[Start of Attachment]

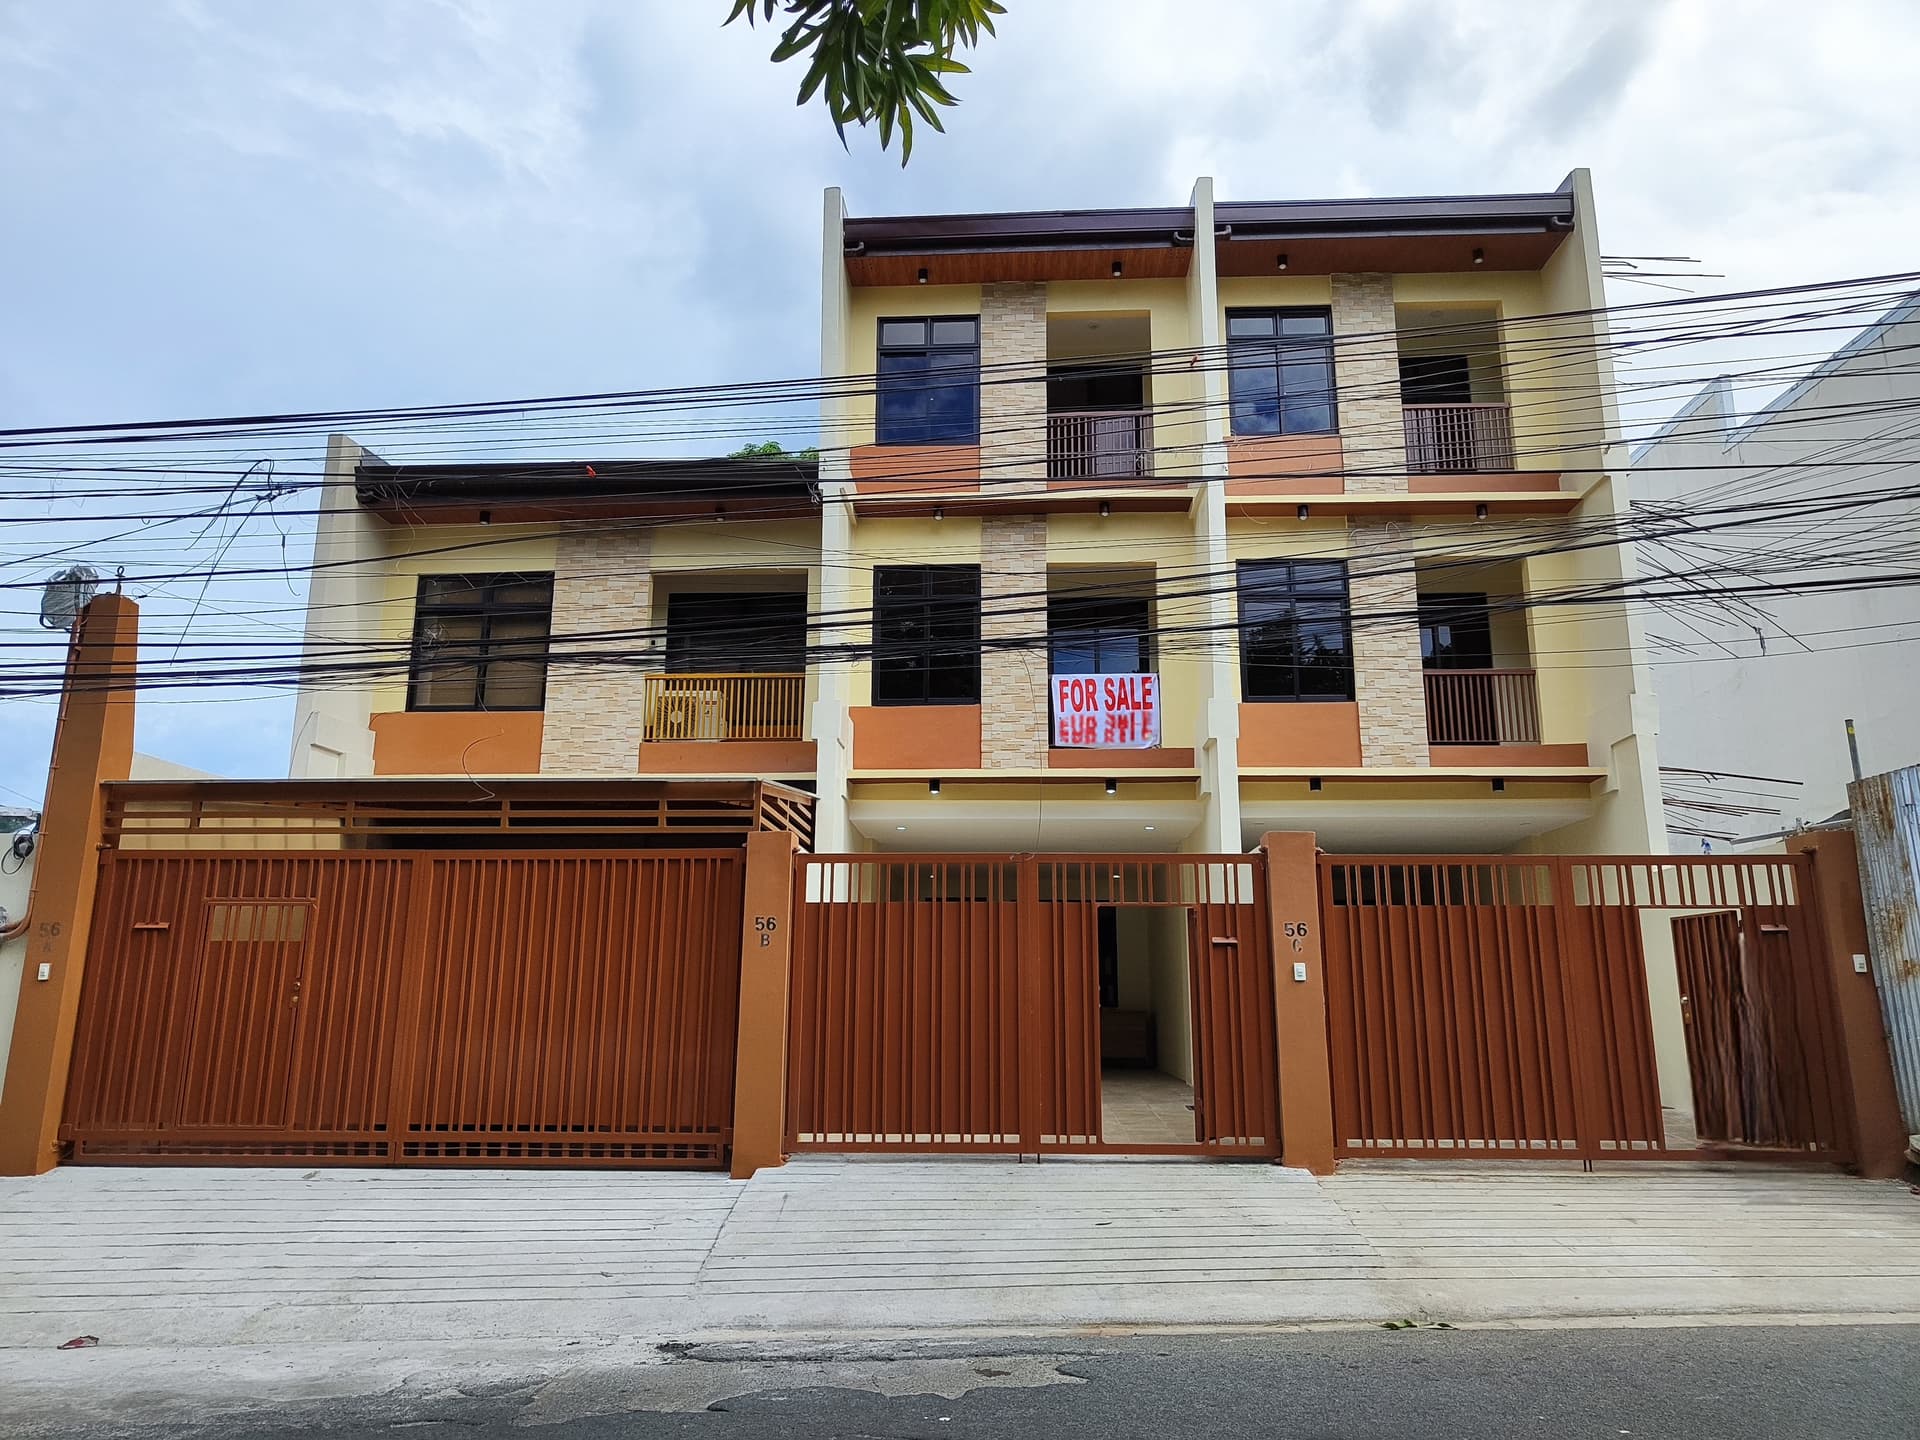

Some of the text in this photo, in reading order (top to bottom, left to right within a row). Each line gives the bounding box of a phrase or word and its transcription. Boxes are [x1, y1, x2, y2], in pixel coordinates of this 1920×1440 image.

[1059, 677, 1153, 712] FOR SALE
[40, 922, 60, 937] 56
[755, 916, 776, 931] 56
[1284, 922, 1307, 937] 56
[760, 934, 770, 947] B
[1292, 939, 1302, 952] C

[End of Attachment]

→ **Task objective**
Set down the material above exactly as it reads, but not its pictures.

→ **Final answer**
Some of the text in this photo, in reading order (top to bottom, left to right within a row). Each line gives the bounding box of a phrase or word and its transcription. Boxes are [x1, y1, x2, y2], in pixel coordinates of this 1920×1440 image.

[1059, 677, 1153, 712] FOR SALE
[40, 922, 60, 937] 56
[755, 916, 776, 931] 56
[1284, 922, 1307, 937] 56
[760, 934, 770, 947] B
[1292, 939, 1302, 952] C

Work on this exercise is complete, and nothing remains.